(Study material begins)

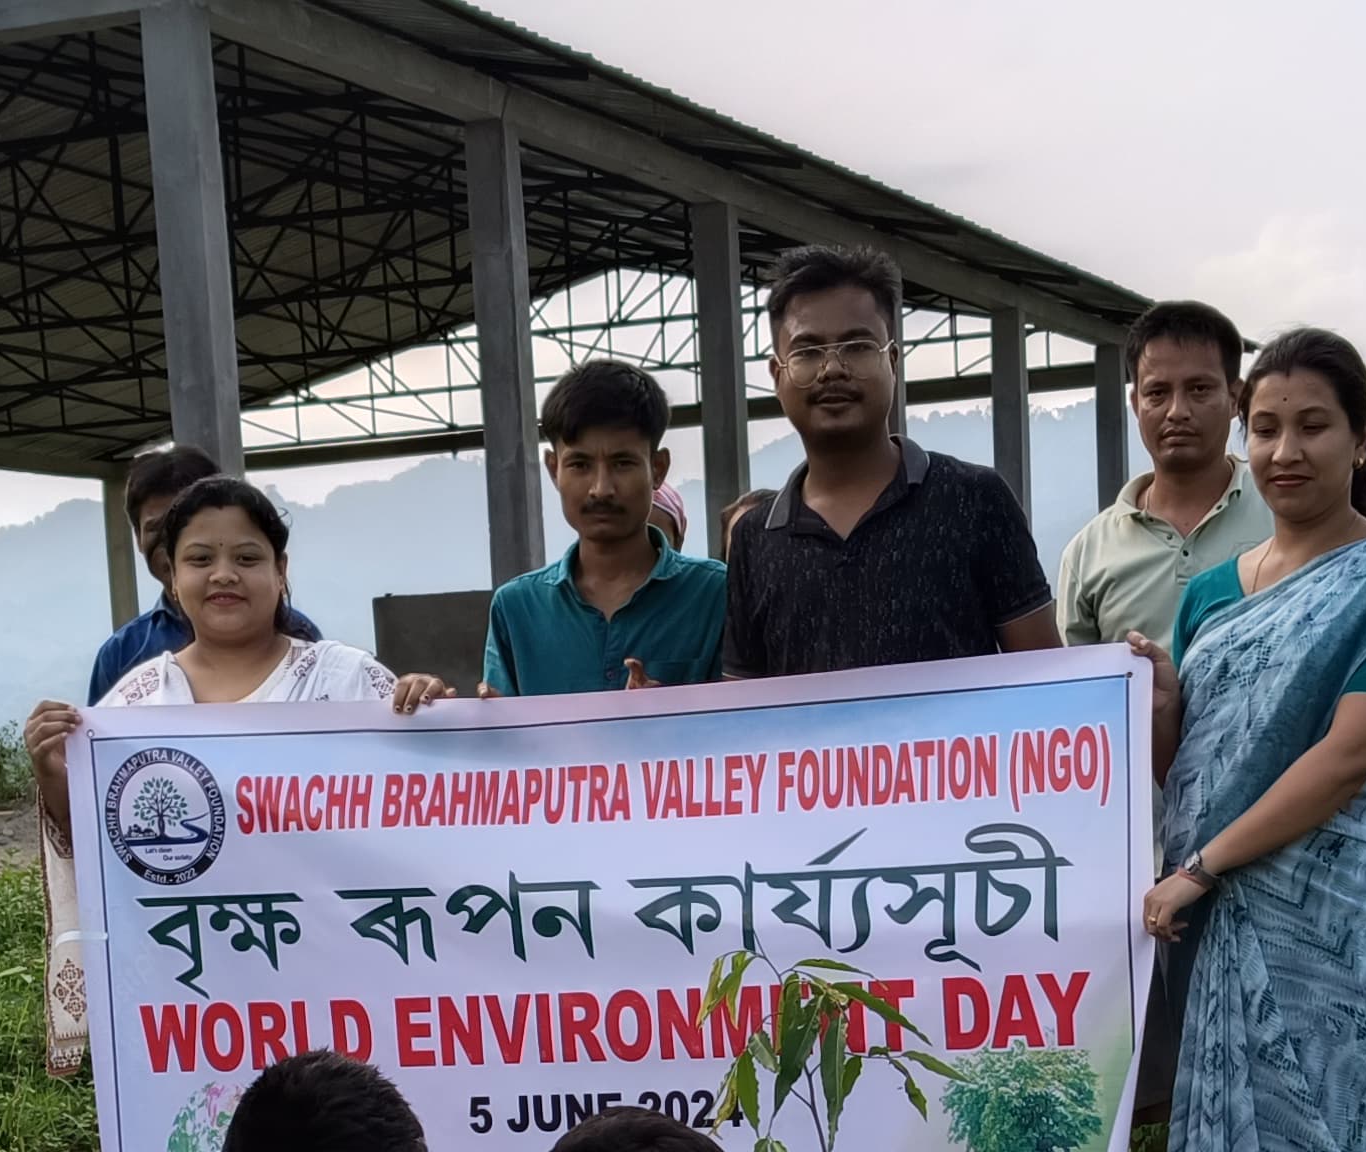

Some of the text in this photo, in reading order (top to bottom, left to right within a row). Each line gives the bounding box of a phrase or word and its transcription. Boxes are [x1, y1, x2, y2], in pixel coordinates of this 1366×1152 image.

[107, 750, 225, 864] SWACHH BRAHMAPUTRA VALLEY FOUNDATION
[237, 725, 1110, 834] SWACHH BRAHMAPUTRA VALLEY FOUNDATION (NGO)
[174, 867, 197, 883] 2022
[135, 892, 304, 999] বৃক্ষ
[139, 999, 373, 1073] WORLD
[942, 970, 1091, 1050] DAY
[469, 1096, 493, 1134] 5
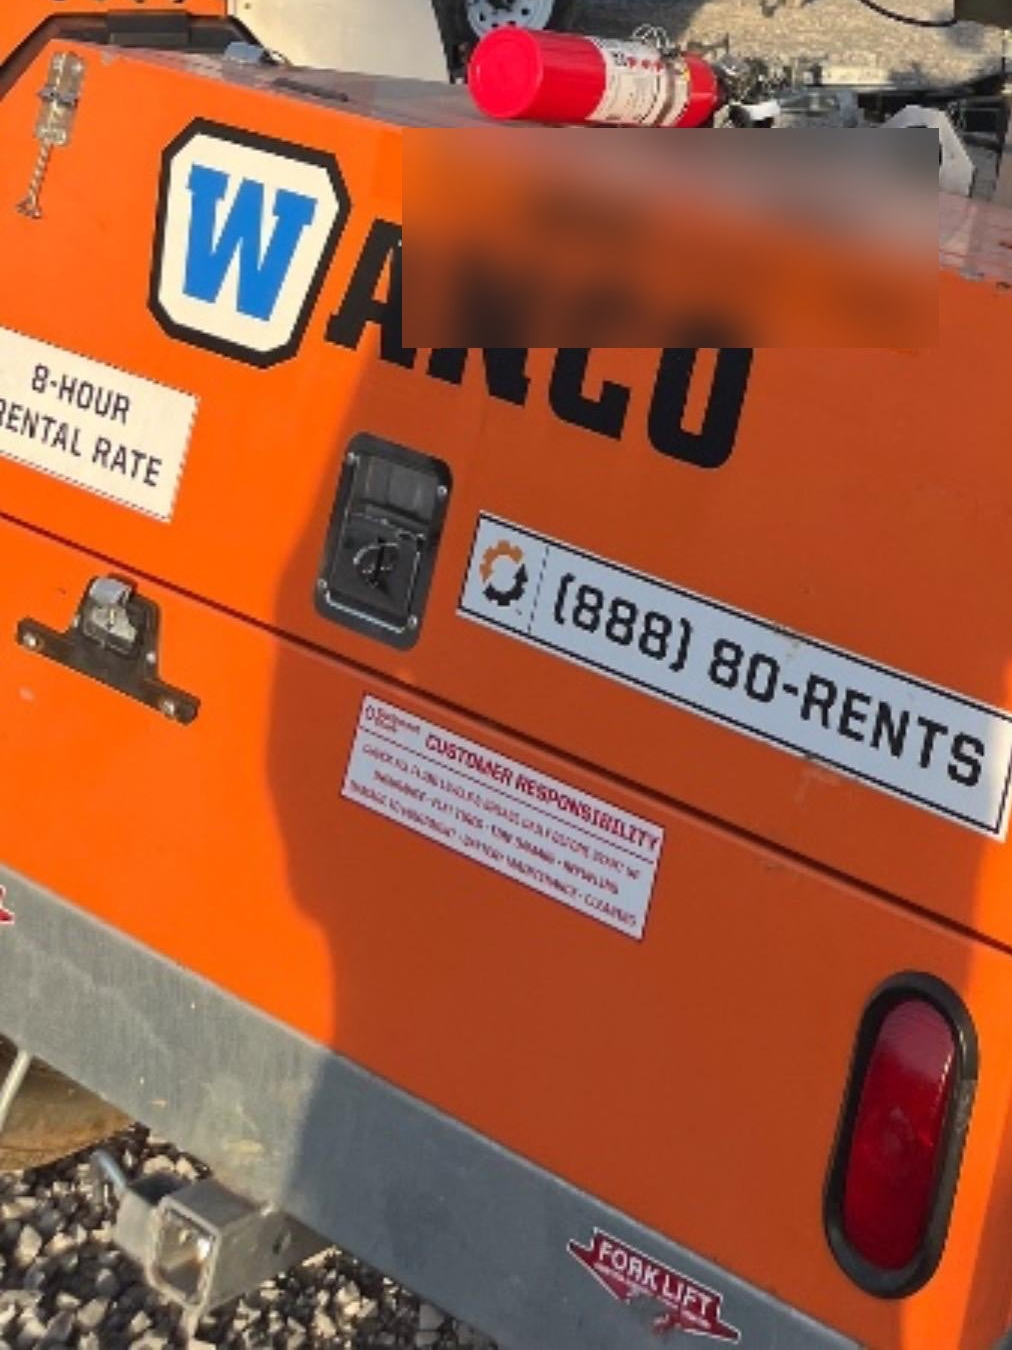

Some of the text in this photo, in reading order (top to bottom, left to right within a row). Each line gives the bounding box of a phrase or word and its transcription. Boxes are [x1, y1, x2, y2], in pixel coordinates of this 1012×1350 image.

[32, 363, 131, 426] 8-HOUR
[92, 435, 163, 488] RATE
[554, 572, 986, 787] (888) 80-RENTS
[424, 733, 513, 788] CUSTOMER
[514, 772, 660, 851] RESPONSIBILITY
[598, 1240, 659, 1292] FORK
[662, 1274, 713, 1316] LIFT

(Study material ends)

*Directions*. Apart from the pictures, every record must be set down exactly.

*Output for this exercise*.
Some of the text in this photo, in reading order (top to bottom, left to right within a row). Each line gives the bounding box of a phrase or word and its transcription. Boxes are [x1, y1, x2, y2], in pixel coordinates of this 1366×1152 image.

[107, 750, 225, 864] SWACHH BRAHMAPUTRA VALLEY FOUNDATION
[237, 725, 1110, 834] SWACHH BRAHMAPUTRA VALLEY FOUNDATION (NGO)
[174, 867, 197, 883] 2022
[135, 892, 304, 999] বৃক্ষ
[139, 999, 373, 1073] WORLD
[942, 970, 1091, 1050] DAY
[469, 1096, 493, 1134] 5

Some of the text in this photo, in reading order (top to bottom, left to right within a row). Each line gives the bounding box of a phrase or word and its transcription. Boxes are [x1, y1, x2, y2], in pixel coordinates of this 1012×1350 image.

[32, 363, 131, 426] 8-HOUR
[92, 435, 163, 488] RATE
[554, 572, 986, 787] (888) 80-RENTS
[424, 733, 513, 788] CUSTOMER
[514, 772, 660, 851] RESPONSIBILITY
[598, 1240, 659, 1292] FORK
[662, 1274, 713, 1316] LIFT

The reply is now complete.